Gero-Glifico  o  sacro-segno:  in italiano

hieros – gliphein                   : in greco

neter  - medu                       : in egizio

I primi segni della Scrittura erano ideografici: esprimevano, cioè, un’idea, un concetto, un pensiero. Comparvero per primi in Mesopotamia e precisamente ad Uruk, città sumerica

Immagini (non semplicemente segni) che volevano esprimere qualcosa o, più precisamente,  propiziarsi atti ed eventi, sono comparsi già 15.000 anni a.C.  La Scrittura, invece, compare e muove i primi intorno solo al 3000 a.C. in Mesopotamia prima e successivamente in Egitto.


Qui, in Egitto, la Scrittura   si caratterizza come una serie di disegni che riproducono oggetti.  Quegli stessi disegni, successivamente, prenderanno una forma che indicherà dei concetti o delle idee: prima oggetti, poi concetti o, addirittura, oggetti e concetti insieme.
Tali concetti, però, sono migliaia, perciò la Scrittura è qualcosa di molto complicato e laborioso.
Solo più tardi si passerà a disegni che indicheranno suoni (disegni fonetici) che verranno, in seguito, sintetizzati in sillabe.

Facciamo un esempio:
il disegno di un volto rappresenta il volto stesso e si pronuncia    Her
tale segno è: monosillabico
                    ideografico
                    fonetico

indica il suono della “r”, ma accostato con le vocali, che ancora non ci sono, darà luogo a varie interpretazioni e problemi.
Esempio:
-  Her  vuol dire viso
-  Hor  vuol dire tenda, ma anche recinto
-  Hir  vuol dire sopra, ma anche occhio


Si dovrà arrivare al 1000 a.C. ed aspettare i Fenici per restringere prima le sillabe ad una ventina di segni  e formare cioè, le consonanti ed poi aggiungervi le vocali

In Egitto, però, le figure accostate alle sillabe  continueranno a costituire a lungo un rebus, poiché la Scrittura egizia continuerà ad essere formata da: - segni ideografici
                  - segni fonetici
                  - segni alfabetici

La confusione è creata dal fatto che spesso lo stesso suono ha significato e segno diverso:
Esempio:
con la pronuncia KA  si indicava:
                 - toro (con figura di toro)
                 - spirito (con figura di due braccia alzate)

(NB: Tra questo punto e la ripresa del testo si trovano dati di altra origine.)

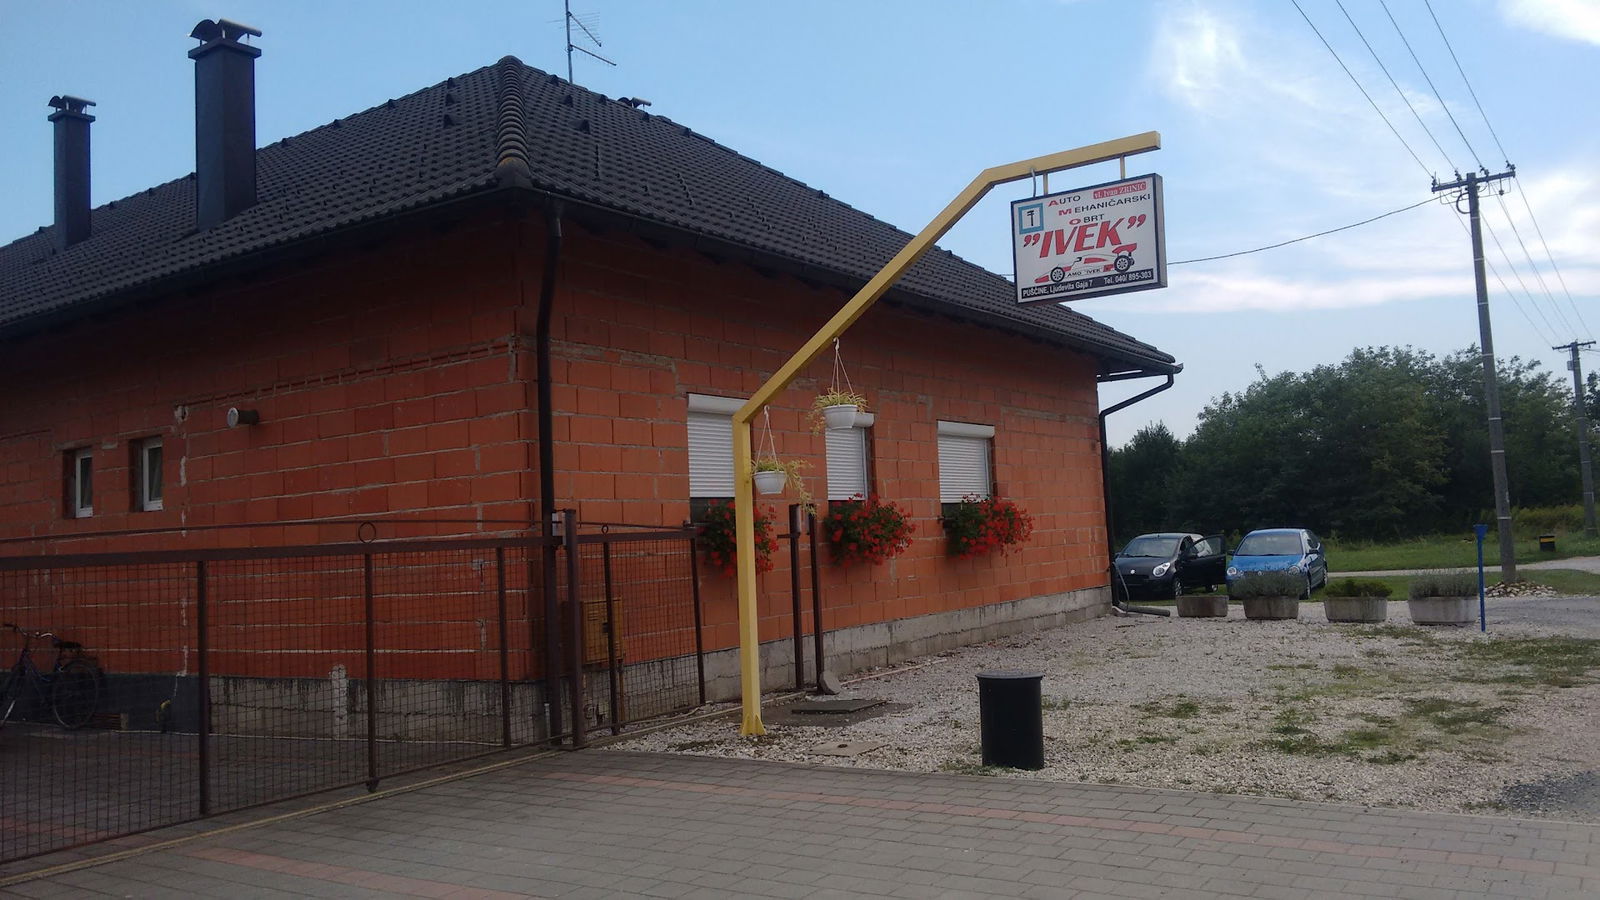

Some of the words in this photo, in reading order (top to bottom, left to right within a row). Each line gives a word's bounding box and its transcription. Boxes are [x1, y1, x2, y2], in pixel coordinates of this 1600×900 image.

e ancora: pronunciando RA si indicava:
            -  sole  (con la figura del sole)
            -  bocca (con la figura di una bocca  aperta)

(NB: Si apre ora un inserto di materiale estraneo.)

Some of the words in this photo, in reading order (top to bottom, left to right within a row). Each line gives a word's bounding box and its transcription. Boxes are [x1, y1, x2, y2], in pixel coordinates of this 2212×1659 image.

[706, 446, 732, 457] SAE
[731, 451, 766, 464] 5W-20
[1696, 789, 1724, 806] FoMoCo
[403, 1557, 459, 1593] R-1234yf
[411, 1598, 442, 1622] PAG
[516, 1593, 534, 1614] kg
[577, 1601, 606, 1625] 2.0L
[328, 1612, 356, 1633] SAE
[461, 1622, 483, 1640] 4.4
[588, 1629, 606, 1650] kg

La Scrittura egizia si può, dunque, così sintetizzare:
- Ideografica
- Geroglifica: - Ieratica
                     - Demotica
                     - Copta

e si può così dividere:
- Fonogrammi : segni fonetici (suoni)
                         segni sillabici

- Alfabeto       : solo consonanti






COME SI LEGGONO I GEROGLIFICI

- Scrittura sacra: da destra verso sinistra
- Altri tipi di scrittura: da destra a sinistra
                                  da sinistra a destra
                                  dall’alto in basso

- I determinativi: sono figure che servono a rafforzare il significato della frase e si trovano all’inizio o alla fine di essa.

Esempio:
la figura di un coccodrillo indica aggressività
la figura di un uomo, una donna o di un fanciullo indica che quella frase si riferisce ad un uomo, una donna o un fanciullo…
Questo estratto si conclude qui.